§ PROBLEM TO SOLVE:
Leave every image behind and restate the data word for word.
DATA RECORDS START
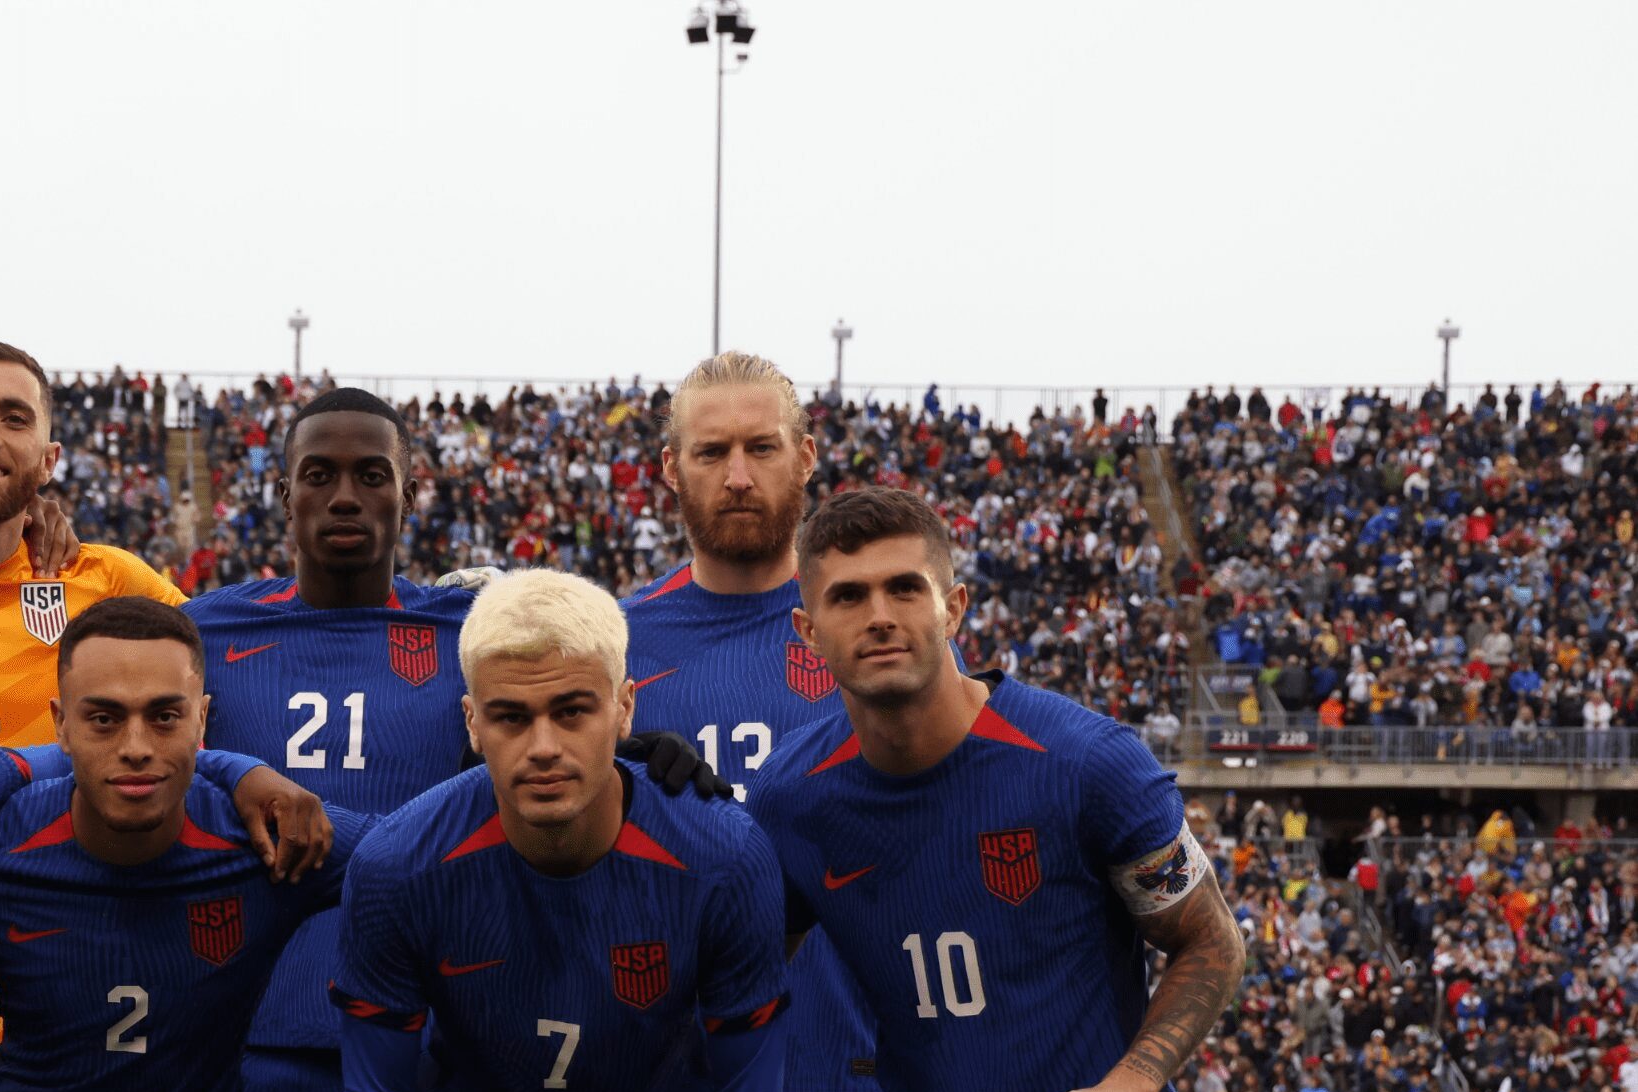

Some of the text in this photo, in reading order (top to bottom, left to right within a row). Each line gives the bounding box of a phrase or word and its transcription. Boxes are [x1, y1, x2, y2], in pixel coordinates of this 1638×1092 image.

[23, 586, 61, 610] USA
[392, 627, 433, 651] USA
[286, 692, 366, 770] 21
[982, 833, 1033, 862] USA
[190, 899, 238, 928] USA
[615, 945, 663, 971] USA
[902, 931, 987, 1018] 10
[106, 985, 149, 1054] 2
[536, 1018, 581, 1090] 7
DATA RECORDS END
§ WRITTEN RESPONSE:
Some of the text in this photo, in reading order (top to bottom, left to right within a row). Each line gives the bounding box of a phrase or word and its transcription. Boxes are [x1, y1, x2, y2], in pixel coordinates of this 1638×1092 image.

[23, 586, 61, 610] USA
[392, 627, 433, 651] USA
[286, 692, 366, 770] 21
[982, 833, 1033, 862] USA
[190, 899, 238, 928] USA
[615, 945, 663, 971] USA
[902, 931, 987, 1018] 10
[106, 985, 149, 1054] 2
[536, 1018, 581, 1090] 7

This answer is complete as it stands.